Il "Femminello del Gargano" IGP
Un limone che viene dalla storia e vive nella tradizione più autentica

Francesco Pepe 23/10/2015 Aggiungi al tuo diario 
IL PRINCIPE DEI "GIARDINI DEL GARGANO
 
La zona di produzione è quella che comprende i Comuni di Vico del Gargano, Ischitella e Rodi Garganico ma la sua gustosità ormai raggiunge ogni parte d'Italia. Il limone "Femminello del Gargano" IGP è unico per la sua genuinità e per l'aromaticità dei profumi che regala. Molti lo apprezzano per la scorza tenera che lo caratterizza e la sua alta percentuale di succo.
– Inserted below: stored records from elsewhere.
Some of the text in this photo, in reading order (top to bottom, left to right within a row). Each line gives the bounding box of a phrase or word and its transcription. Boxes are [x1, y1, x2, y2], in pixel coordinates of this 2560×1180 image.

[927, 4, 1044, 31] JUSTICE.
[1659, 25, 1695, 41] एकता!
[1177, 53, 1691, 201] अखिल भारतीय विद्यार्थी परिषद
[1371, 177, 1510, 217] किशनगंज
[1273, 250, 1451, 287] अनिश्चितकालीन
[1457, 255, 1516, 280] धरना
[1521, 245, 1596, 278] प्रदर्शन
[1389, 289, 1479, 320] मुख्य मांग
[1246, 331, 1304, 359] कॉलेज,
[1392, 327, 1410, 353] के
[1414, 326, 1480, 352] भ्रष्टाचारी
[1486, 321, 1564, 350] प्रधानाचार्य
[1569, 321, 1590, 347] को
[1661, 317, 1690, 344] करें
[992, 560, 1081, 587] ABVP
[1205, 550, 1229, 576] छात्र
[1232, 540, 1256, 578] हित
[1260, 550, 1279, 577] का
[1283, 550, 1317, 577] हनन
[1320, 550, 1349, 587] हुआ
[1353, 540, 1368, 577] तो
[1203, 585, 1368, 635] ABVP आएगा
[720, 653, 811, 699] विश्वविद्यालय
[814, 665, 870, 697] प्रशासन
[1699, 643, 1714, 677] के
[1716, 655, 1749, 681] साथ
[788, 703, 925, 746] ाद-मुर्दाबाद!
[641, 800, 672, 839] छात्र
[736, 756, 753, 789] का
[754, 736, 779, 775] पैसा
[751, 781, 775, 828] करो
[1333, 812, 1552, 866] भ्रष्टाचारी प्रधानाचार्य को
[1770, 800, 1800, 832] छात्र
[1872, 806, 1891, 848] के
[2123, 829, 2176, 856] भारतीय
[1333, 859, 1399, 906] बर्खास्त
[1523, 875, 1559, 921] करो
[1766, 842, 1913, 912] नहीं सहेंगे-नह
La superficie interessata alla coltivazione del "Femminello del Gargano" del Gargano  è storicamente identiticata come “Giardini d’agrumi del Gargano”. I limoneti sono diffusi verso la fascia più prossima al mare. E’ un frutto ottenuto dalla varietà "Femminello" Comune, distinto in limone a scorza gentile, Citrus limonium tenue Riss, detto anche Lustrino e limone oblungo, Citrus limonium oblungum Riss, conosciuto come Fusillo. E' una di quelle tipicità della terra "fiore all'occhiello" della regione che ha ottenuto la registrazione europea con Regolamento CE n.148 del 15/02/2007.  Una produzione agricola valorizzata da un Presidio Slow Food ed è sostenuta dal Parco Nazionale del Gargano.
 
TRA STORIA E RELIGIOSITA'
 
La tradizione agrumaria di questi Comuni del Gargano è frutto di una ormai centenaria pratica che, secondo quanto attestano alcune documenti storici, era significativa già nel XI secolo. In una fonte (Leone d’Ostia)si dice che, intorno all'anno 1000, Melo, principe di Bari, incontratosi con alcuni pellegrini normanni sul Gargano, li spinse alla conquista delle Puglie. E, per dar loro testimonianza della ricchezza di queste terre, spedì in Normandia una quantità di frutti, tra cui i “pomi citrini” del Gargano, corrispondenti al melangolo (arancio amaro). Quindi, quella di questo limone è una storia che viene da lontano e che incrocia oggi aspetti di carattere religioso. Infatti, fin dal 1700, ogni anno, a febbraio, si tiene una lunga processione in onore di San Valentino,  santo protettore degli agrumeti. Ed è per questo motivo che in prima fila si registra sempre una significativa presenza di giardinieri di Vico, Rodi ed Ischitella. Un rito che si conclude sul colle del "Carmine" con la benedizione di piante e frutti di aranci e limoni.
 
 
BUONO E SANO
 
In cucina il limone "Femminello del Gargano", raccolto solo a mano, è rinomato  per la particolarità dei profumi che questa IGP presenta rispetto ai limoni prodotti in altre zone dell'Italaia. Tali caratteristiche derivano dalle condizioni climatiche della zona, in cui la piovosità è particolarmente concentrata nel periodo autunnale-invernale con precipitazioni annue comprese tra mm 600 e 650 e con aridità estiva. Il richiestissimo frutto è presente sul mercato tutto l'anno. E' ottimo sia per la preparazione di marmellate e canditi, che per preparare  il" limoncello del Gargano", ottenuto dall'infusione delle sue scorze. Un ottimo digestivo ed imperdibile con dei dolci secchi tradizionali o su di un gelato artigianale.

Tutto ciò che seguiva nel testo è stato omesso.